Press Statement
Celebrating 10 years of PEPFAR
18 June 2013 18 June 2013Message from UNAIDS Executive Director Michel Sidibé
GENEVA, 18 June 2013—Ten years ago, President George W. Bush announced the creation of The Presidents Emergency Plan for AIDS Relief (PEPFAR) in his State of the Union Address. Its aim was to provide antiretroviral treatment to 2 million people, prevent 7 million new HIV infections and provide care and support to 10 million people by 2010.

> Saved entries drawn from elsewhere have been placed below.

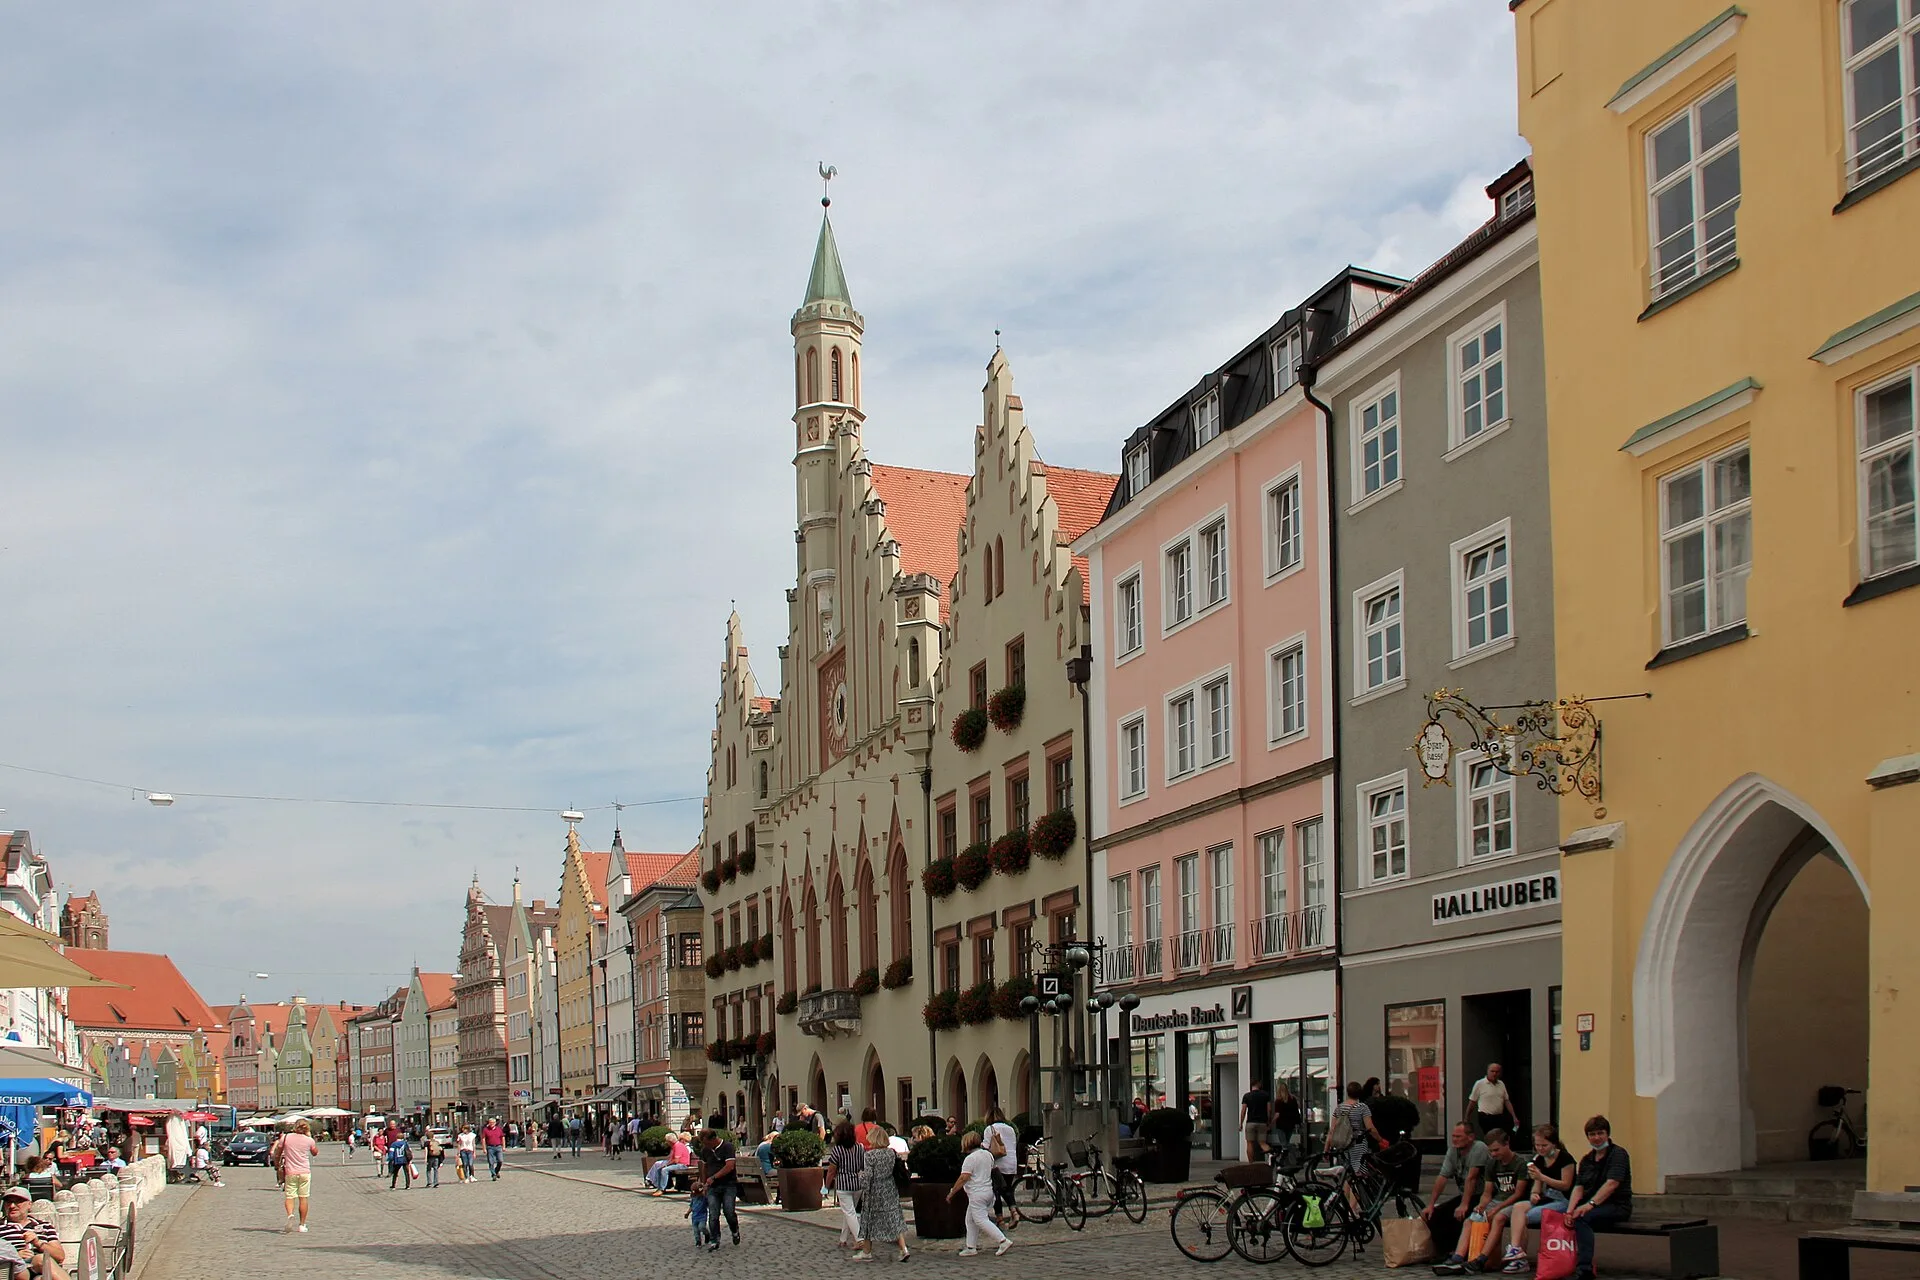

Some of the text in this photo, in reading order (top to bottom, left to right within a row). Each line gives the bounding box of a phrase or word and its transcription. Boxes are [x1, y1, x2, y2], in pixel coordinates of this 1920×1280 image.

[1433, 876, 1557, 920] HALLHUBER
[1131, 1003, 1225, 1032] Deutsche Bank
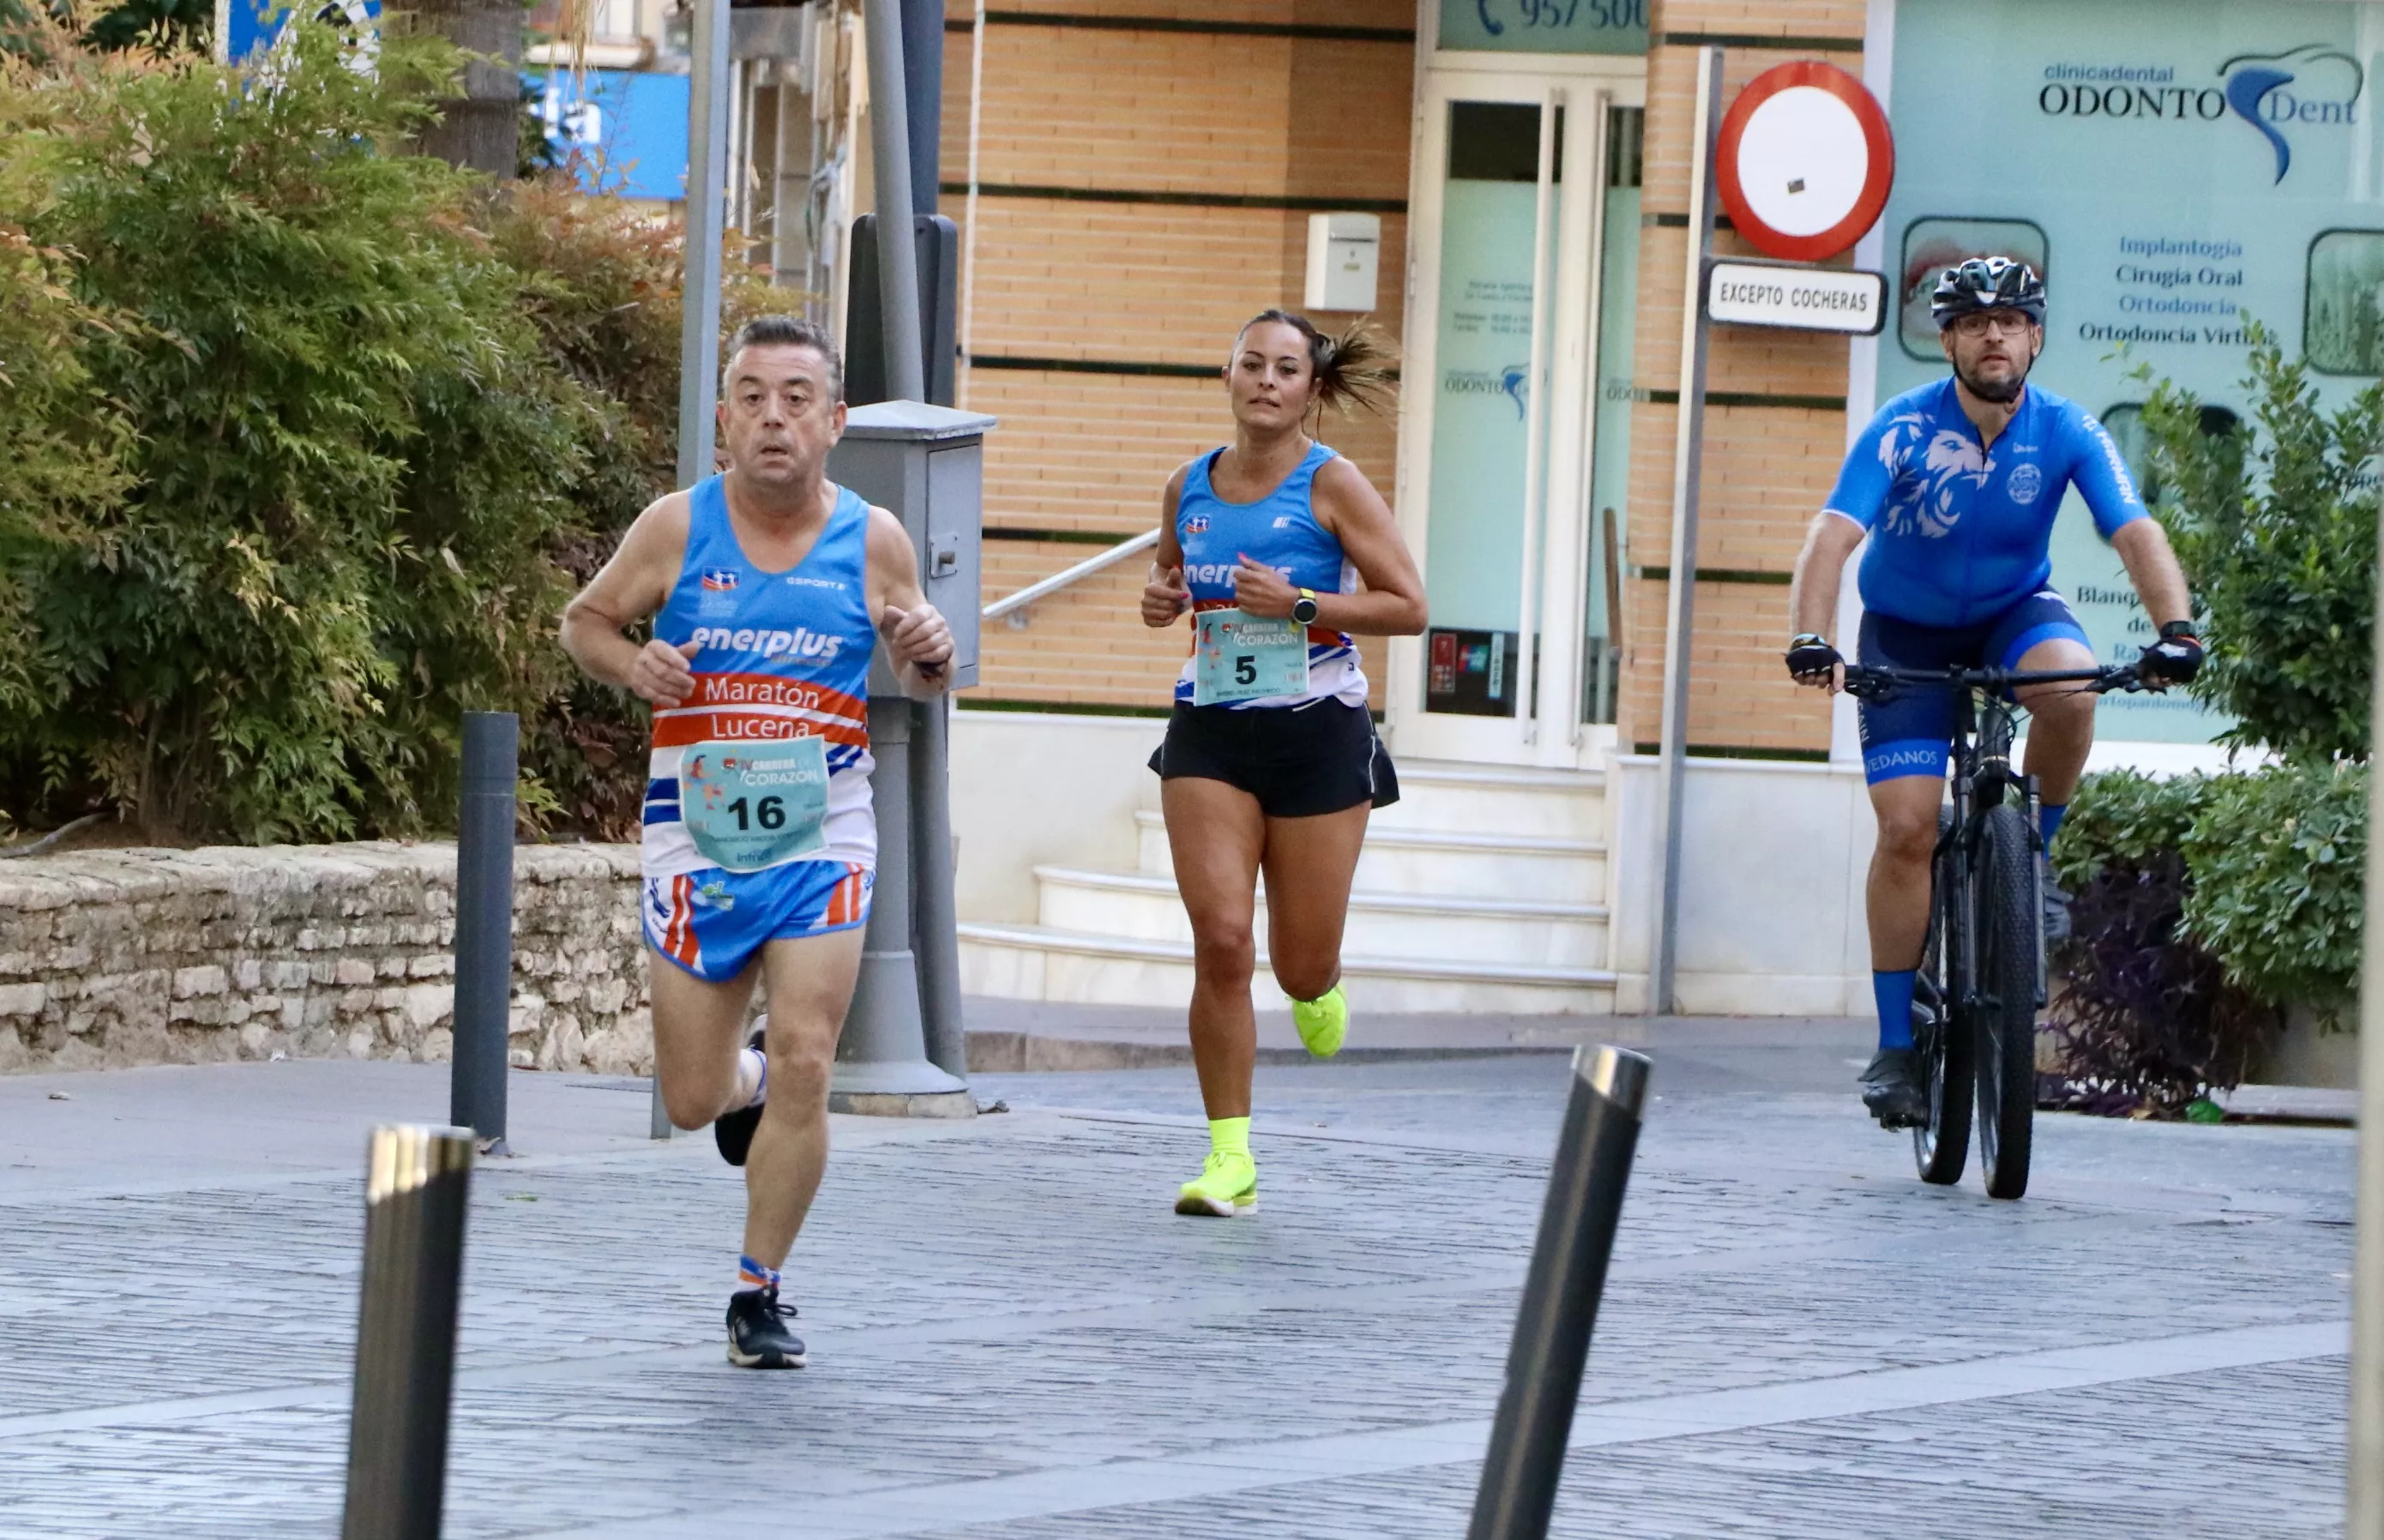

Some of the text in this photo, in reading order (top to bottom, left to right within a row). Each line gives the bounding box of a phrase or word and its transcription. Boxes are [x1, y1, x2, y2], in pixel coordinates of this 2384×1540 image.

[2039, 84, 2357, 124] ODONTO Dent
[2198, 266, 2243, 286] Oral
[1720, 282, 1868, 312] EXCEPTO COCHERAS
[2119, 295, 2237, 315] Ortodoncia
[2079, 322, 2196, 343] Ortodoncia
[692, 627, 844, 658] enerplus
[1235, 655, 1257, 685] 5
[705, 677, 820, 709] Maratón
[712, 713, 810, 738] Lucena
[727, 796, 786, 831] 16

On this 10th anniversary of PEPFAR we are able to celebrate its extraordinary success. Not only did it achieve its initial goals but it has surpassed them by a wide margin. By 2012 PEPFAR was supporting treatment for more than 5 million people and providing care and support to 15 million, including nearly 5 million children.
PEPFAR has embodied the spirit of shared responsibility and global solidarity through its commitment to helping the most vulnerable in society.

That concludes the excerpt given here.